If you could choose five bands from the past and the history and nowadays and both dead and living bands to have a concert together with your band. Which five have you been chosen?
R: (Ronaldo) Regarding nowadays bands, we would have difficulties! Between dead or alive, we get the usual:

Ramones, The Clash, Misfits (with Glen Danzig), The Jam and Toy Dolls. All of them as old times in 70’s / early 80’s.

Is music a good way to get out frustration and become a nicer person outside the music??

R: (Ronaldo) We have no doubts about it, it happens to us! Obviously, not all styles of music require an intellectual depth, artistic and even spiritual, but usually it is a choice for live.

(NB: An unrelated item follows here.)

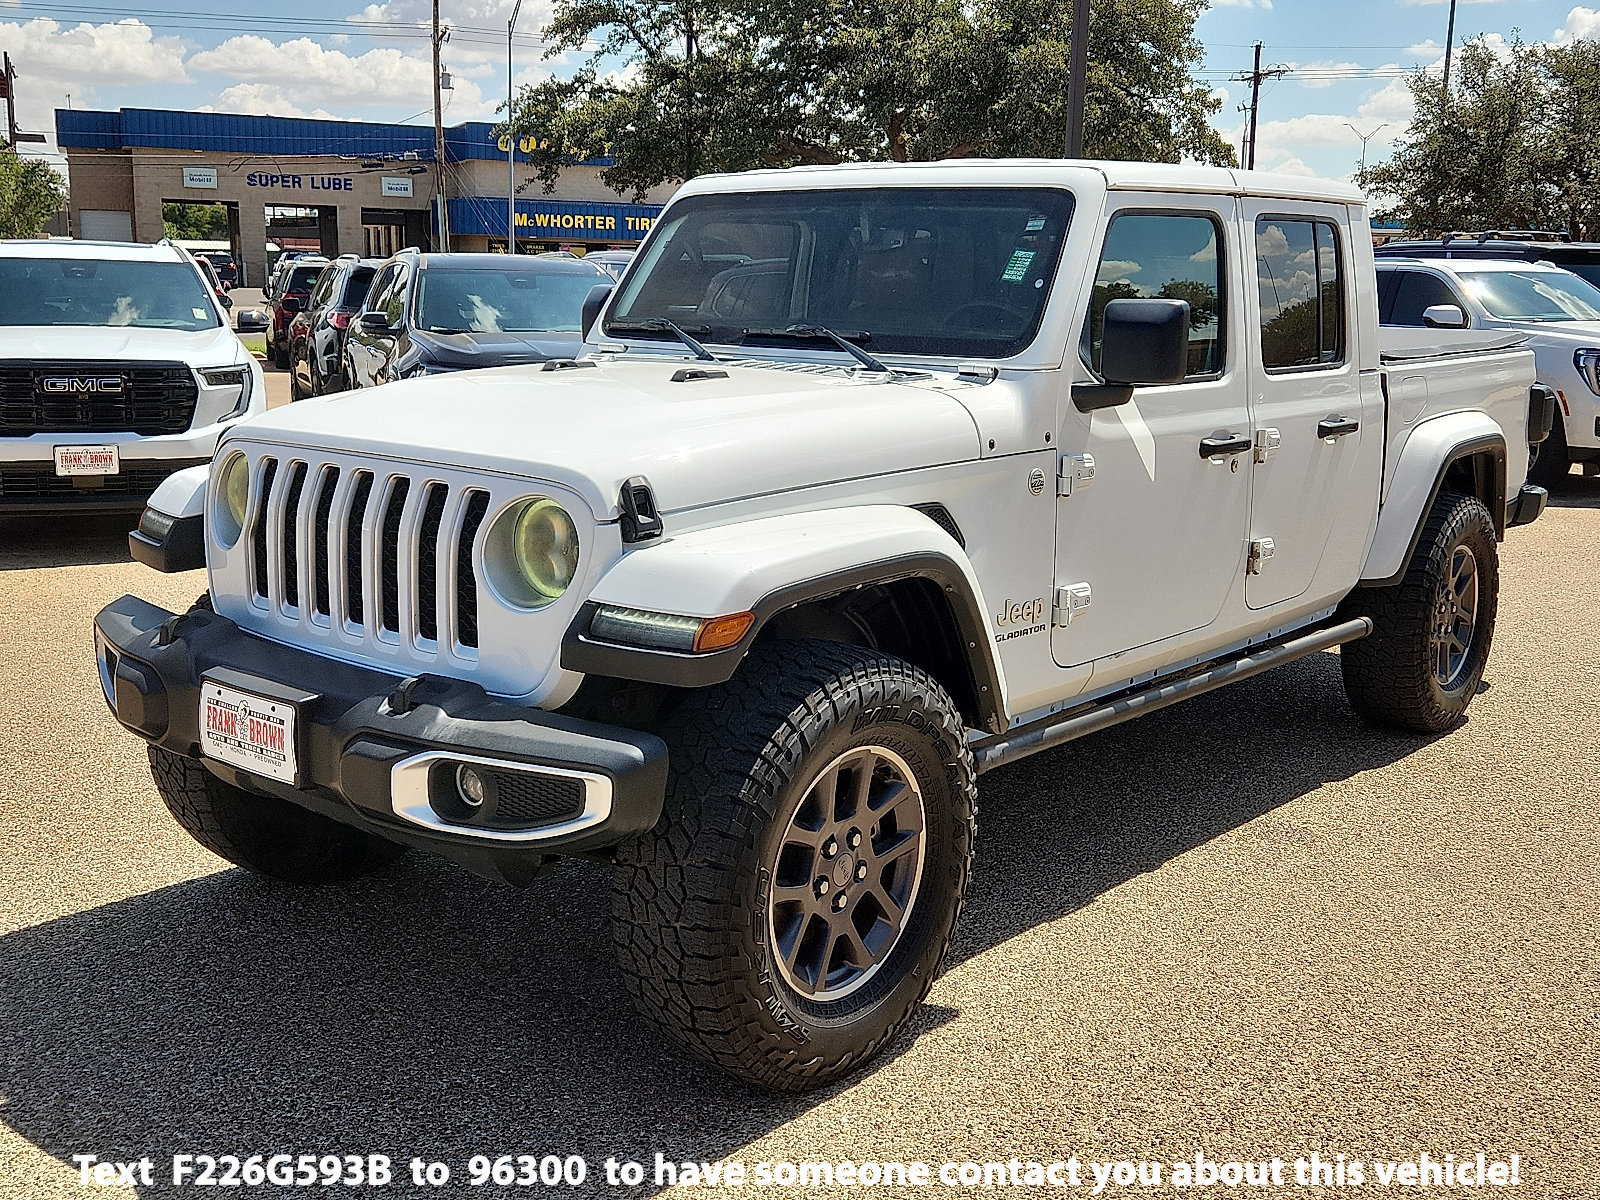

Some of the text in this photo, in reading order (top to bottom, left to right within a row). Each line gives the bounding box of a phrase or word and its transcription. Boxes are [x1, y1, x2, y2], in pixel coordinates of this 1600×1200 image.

Which is the most odd question you ever have got in an interview?
R: (Ronaldo) Are you an EMO band?

Which is the question you want to have but you never get. Please ask it and answer it?
R: (Caio) What we like is to really have a chance to say something that is particular and personal of the band and its work. Many interviews don’t give us the chance to do so and at the end, it seems that our answers could fit to any other band without differenciation.

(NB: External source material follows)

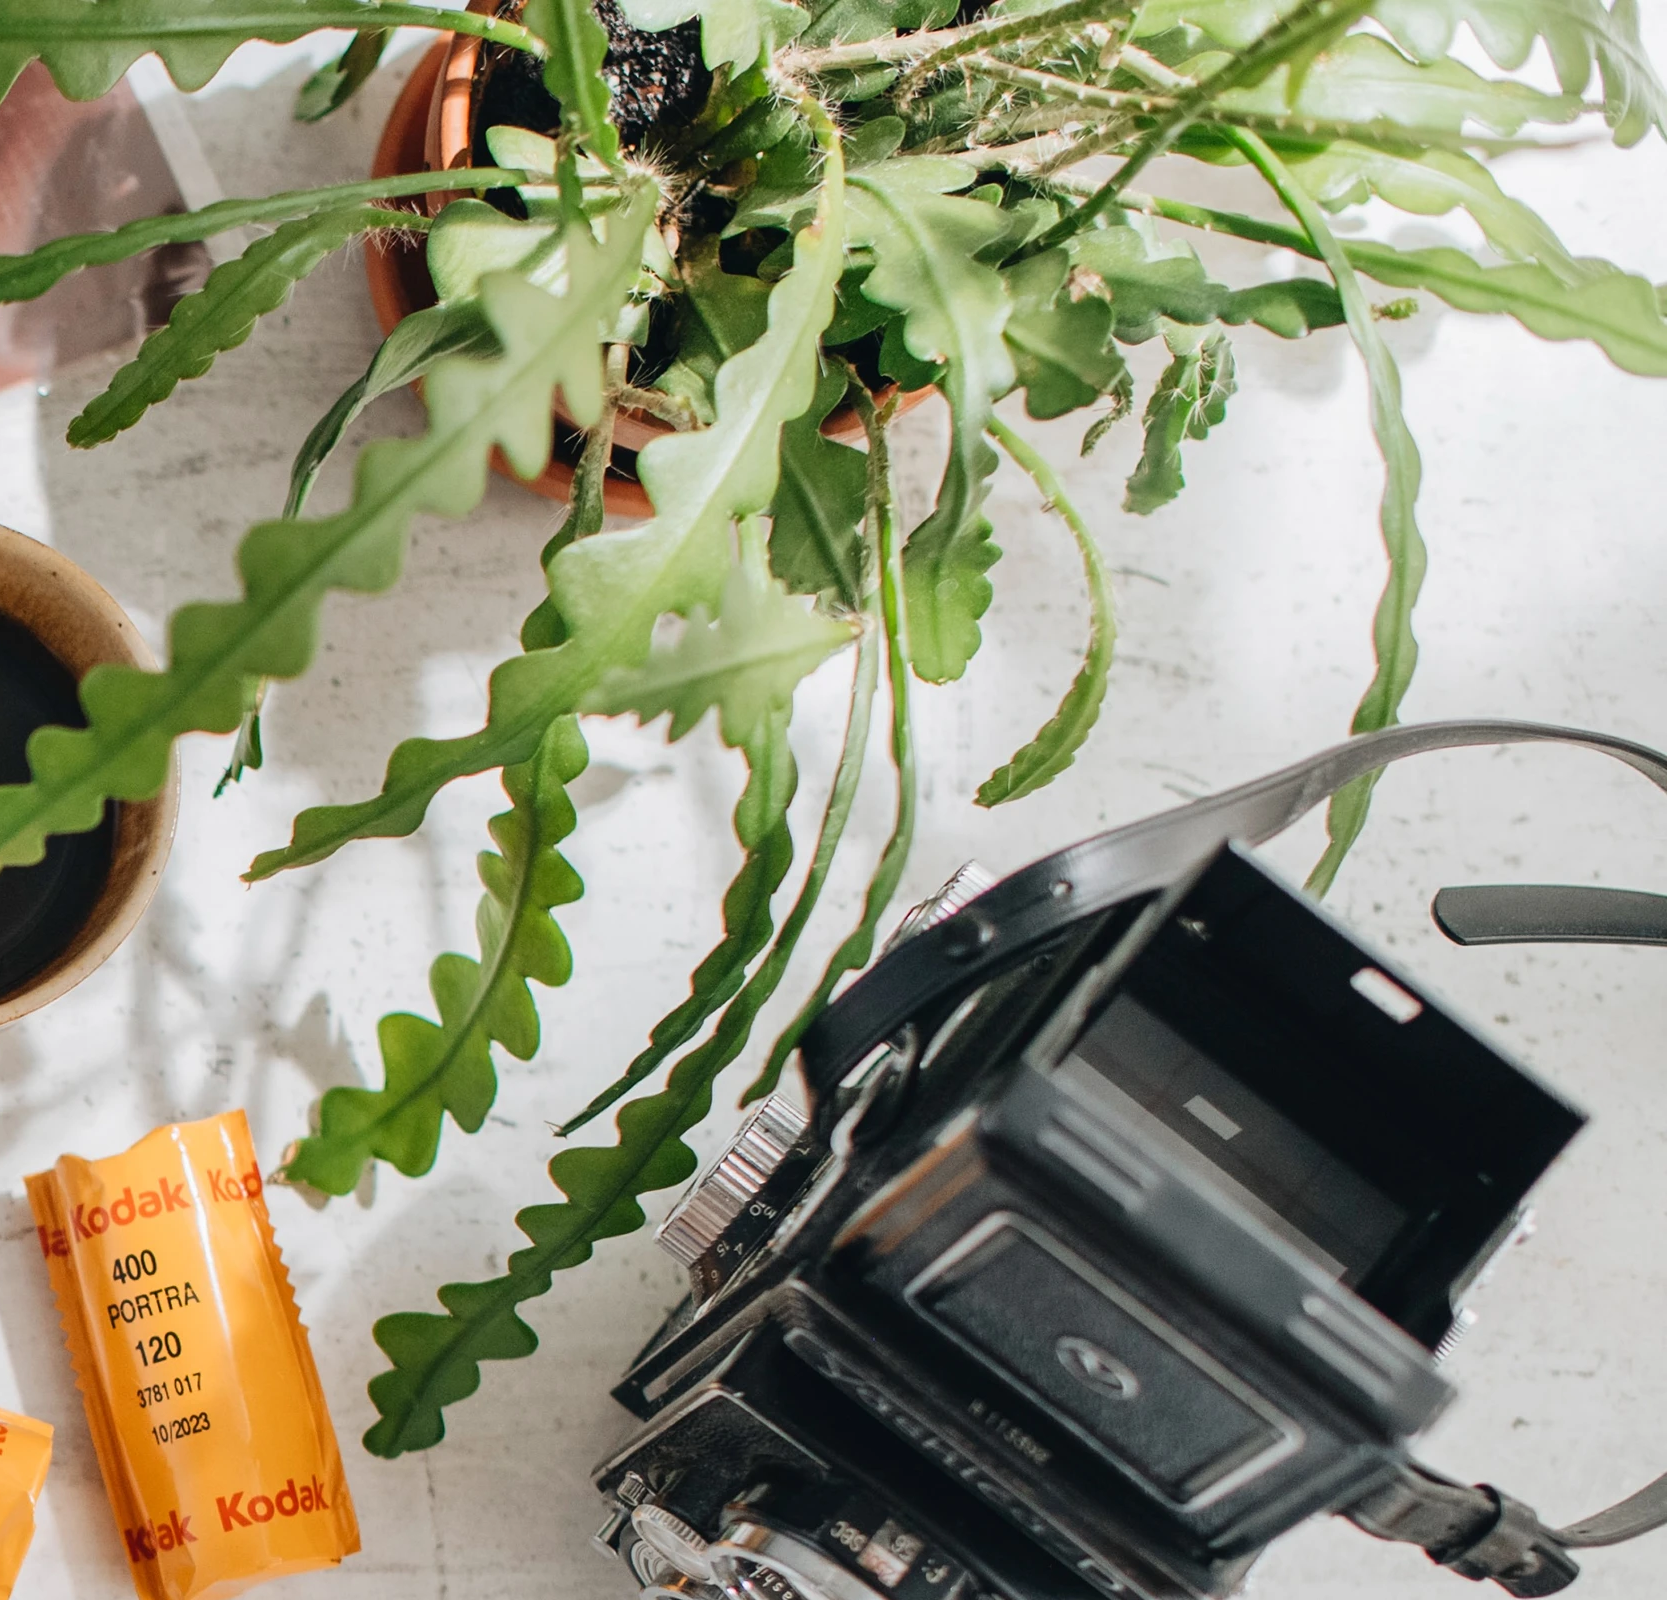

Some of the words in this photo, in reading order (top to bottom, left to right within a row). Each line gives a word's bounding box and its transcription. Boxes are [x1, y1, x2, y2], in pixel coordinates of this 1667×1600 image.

So if we launch a new album for example, we want to talk about how the recording, composition, mixing, partnerships, preparation for the first gigs, and the whole concept behind it was established. We made a totally DIY album, bought all recording equipment and did it everything at home without entering in any studio, without having formal recording lessons or external help. This kind of thing we want to say.

If we go on a tour, we want to talk about everybody who helps us concretizing it, all the funny stories, and all the interesting people we met, because all this is part of the bands history and tells a lot about who we are.

We also want to have the chance to talk about what inspires us, why we keep doing this, what we believe in, etc… but you already made all those questions. Thanks for that!

Future plans for the band?
R: (Caio) We really want to play as much as we can so that more people get to know us. We are not good by promoting the band and that’s why we feel that there is room to let more people know about us.

We are also already working on new songs for a second full-length album we have already selected one and a half dozen of ideas to work on. Ronaldo has hours of recorded riffs, refrains, bases, melodies, etc… that needs to be refined to build a complete song out of it and that’s what we are working on.

As I already mentioned, we would also love to have a chance to launch our material on Vinyl and have the chance to play outside of Brazil.

There are many other ideas we are working on parallel to those ones, but the ones I mentioned are the most important ones.

As you see, we have plans and dreams a lot but so little time to dedicate to them, so we go step by step as fast as we can. Important thing is that all of us in the band can’t imagine our lives without the band, so we keep moving on by any means.

For yourself?
R: (Ronaldo) Staying next to my friends, my girlfriend and my family to try to have as many happy moments as possible. Play and listen to lots of music, and keep writing music forever. Maybe this will help me to go through life with a little more pleasure and inner peace, because life can usually be very sad.
(Caio) Move away from São Paulo to a smaller city nearby, quit my current job that suck away all my energy and dedicate to things I like more, like my band and, my family, my ideals.

Wisdomword?
R: (Ronaldo) Question everything, do not swallow anything and be open to review all your conclusions for not to become a conservative idiot.

Something to add?
R: (Ronaldo) We love to do music and play in a band, it is one of the few things in our lives where we can really do things in our way, be who we want to be and act freely without having to play by someone else’s rules. We would love to have more time to dedicate to this, but we do the best we can to conciliate every aspect of our lives. What we do is honest and means a lot for us. Every now and then we see someone who connects and get touched by our music. This means that a little bit of what we believe and do, also makes sense and in some way affect other people's live and this is very gratifying. Hope you guy's like our stuff and that we can meet in the future.